Ministry of Water Resources reassured Thursday the Iraqis about the water in the Tigris and Euphrates rivers, and while the talk about Iraq losing its rivers after years was unrealistic, it called for the enactment of a law requiring the use of modern irrigation techniques.
The advisor to the Minister of Water Resources, Aoun Diab, told the Iraqi News Agency (INA), that "there are several parties trying to escalate the issue of water in Iraq with the aim of confusing citizens," noting that "talking about Iraq's loss of its rivers after several years is unrealistic."
Diab added, "The water shortage is clear, and we are facing this continuous gradual shortage," noting that "the ministry expects that the peak of the water shortage will become clear when the neighboring countries, namely Turkey, Syria and Iran, complete their projects, as the Syrian projects have been hampered by the security situation, but Turkey is continuing Its work is to build dams and complete its large projects as planned.
He continued, "This is contrary to the concepts of the framework agreements of the United Nations of 1997, which govern the state of the Tigris and Euphrates rivers, because their waters are considered non-navigable waters that cross the common borders," explaining that "this agreement contains provisions that include water independence in an equitable and reasonable manner and not harm the state downstream, as the upstream country should not seize water and forget the needs of downstream countries.”
And he indicated, "Turkey continues with its projects and is playing on the time card to put us in front of a fait accompli, as the last memorandum of understanding ratified in 2021 was originally signed between Iraq and Turkey in 2014, but Parliament ratified it after seven years," explaining that "ratification of this agreement took a long time."

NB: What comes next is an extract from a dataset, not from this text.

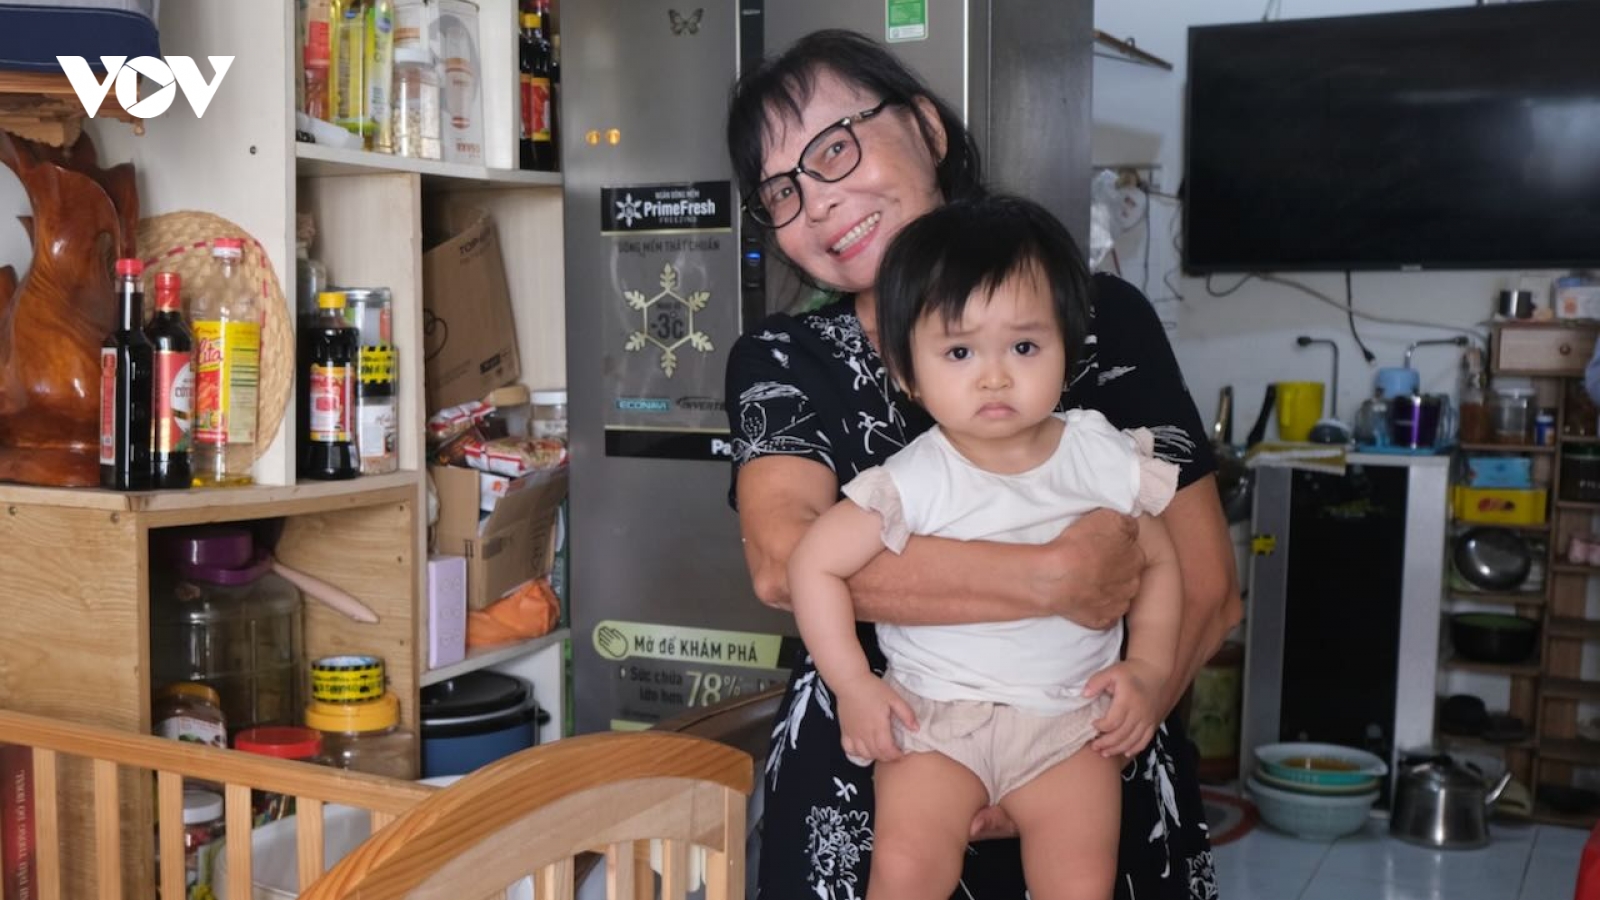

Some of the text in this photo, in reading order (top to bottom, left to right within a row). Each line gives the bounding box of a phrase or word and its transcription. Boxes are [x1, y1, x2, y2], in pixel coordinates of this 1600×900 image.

[643, 199, 716, 217] PrimeFresh
[619, 400, 667, 410] ECONAVI
[634, 635, 758, 662] Mở để KHÁM PHÁ

He stated, "The water storage projects do not worry us because they are for power generation purposes, but what worries us are the irrigation water storage projects that include water storage inside Turkish territory and are non-existent in Iraq."
He pointed out that "the water will not be completely cut off on the Tigris and Euphrates rivers in the worst expected scenario, which is Turkey's implementation of all projects, but it will decrease by 11 billion from the annual flow rate of the Tigris and Euphrates rivers," explaining that "this shortage will have negative repercussions on the south."